Five minutes later, the masked man is busily engaged in dipping his finger into the marmalade and emitting short cries of epicurean delight as he licks the goo from his fingertip, while from behind the screen can be heard the soft rustle of silk. From time to time the pink flash of the parasol shows itself coquettishly over the top of the screen. The dog is asleep, its muzzle buried in the portrait of King George, as if in olfactory contemplation of that great and distant monarch.

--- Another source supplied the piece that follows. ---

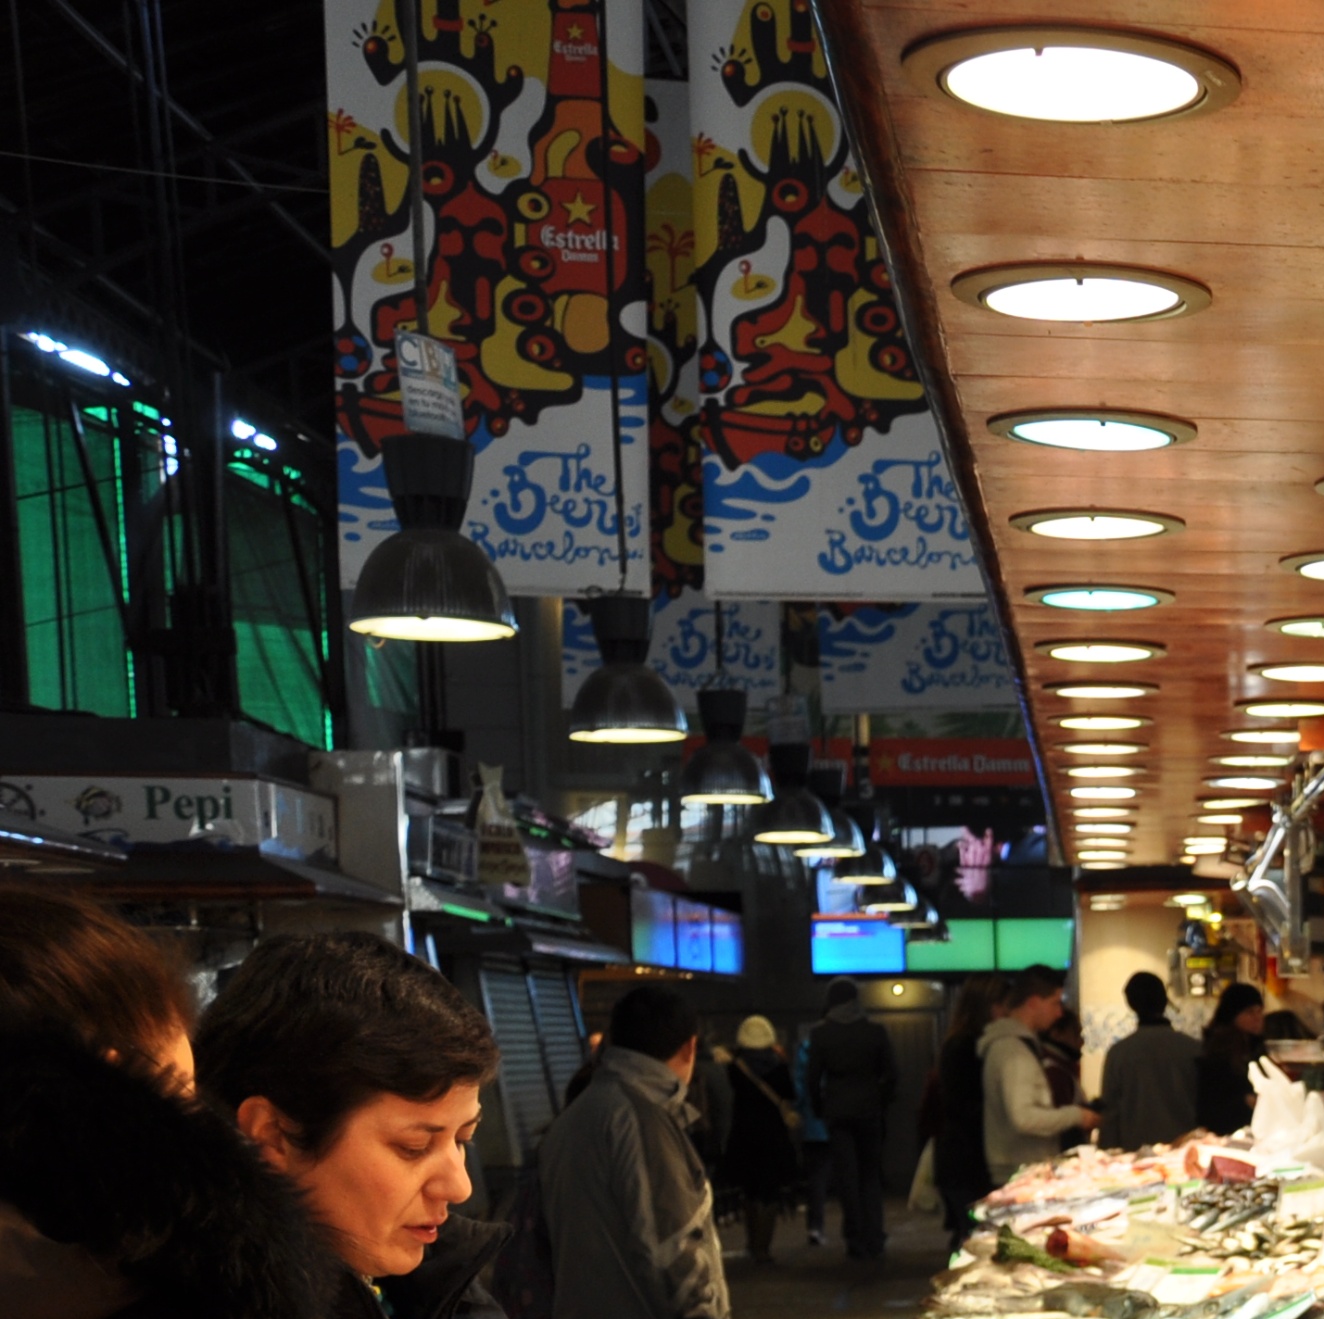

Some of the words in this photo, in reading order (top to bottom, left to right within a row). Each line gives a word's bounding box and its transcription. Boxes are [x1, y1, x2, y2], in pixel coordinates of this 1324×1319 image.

[518, 443, 617, 496] The
[817, 528, 979, 575] Barcelon
[142, 784, 233, 829] Pepi

Finally, after a lengthy conference with the man behind the screen, the imposter steps forward and begins a rambling acceptance speech. The voice emanating from behind the mask is crisp and animated, but for all that the explorer finds the dialect difficult to follow. At first he makes a concerted effort at interpretation, pinning the words down one by one, translating them in his head, coming to understand that his homage has been accepted by the gracious and puissant Mansong, Mansa of Waboo, M’butta-butta, Wonda, and about two hundred other places. But he soon begins to develop a migraine from the sheer force of concentration all this requires, and after awhile simply assumes an interested expression and lets his mind wander. Ten minutes into the speech he is distracted from his mental peregrinations by a series of odd, muffled sounds which seem to be coming from the adjoining courtyard. Sounds of a scuffle perhaps, stifled cries, a sussurus that recalls a barnyard in Selkirk and the butchering of chickens for the pot. He taps Johnson’s shoulder. “What’s going on next door?“
Johnson’s eyes are pinned deep in their sockets. “Better you don’t know.”
“—the magnanimous Mansong—” drones the man in the mask.
“Tell me. That’s an order.”
“Well, they’re impressed.” Johnson glances up quickly, then looks down at his feet. The masked man drones on. “Mansong is disembowelin’ thirty-seven slaves in your honor.”
“Mother of God.” Nothing could prepare him for this. Nothing. He grits his teeth and tries to think of Scotland, of barbered hills, open white faces, safety and sanity. But there’s no time to think, the worry-worn servant at his elbow, holding out some sort of sack and a cup of dark liquid, wine or beer — and what do they want with him now?
“Take it,” Johnson hisses.
Shaken, the explorer reaches out for sack and cup.
“Fifty thousand cowrie shells,” Johnson whispers. “That’s enough cash to support a village like Dindikoo for the next ten years. Smile, you fool.
Nod and grin. That’s it.” Johnson is rubbing his hands together like a shopkeeper sitting down to his evening meal. “Now we can buy bed and board in any village up and down the river. Women. Beer. Meat. No more sleepin’ in the bushes.”
“But. . those damned bloody heathen aborigines are taking thirty-seven lives right under our noses — in our honor nonetheless. Thirty-seven rational beings. . Take the money and we condone it.”
“Hey, Mr. Park. This is no time to get sanctimonious. So long as we don’t wind up as number thirty-eight and thirty-nine I figure we’re doin’ just fine.”
The masked man seems to be winding down now, his phrases growing long and languorous; the explorer, shuddering at each gag and wheeze from the adjoining courtyard, picks up random phrases: “prosperous journey,” “too bad you can’t stay longer,” “riches untold — downriver.” Finally the little man throws off the mask. There is a cup in his hand. He raises it, as if saluting the explorer.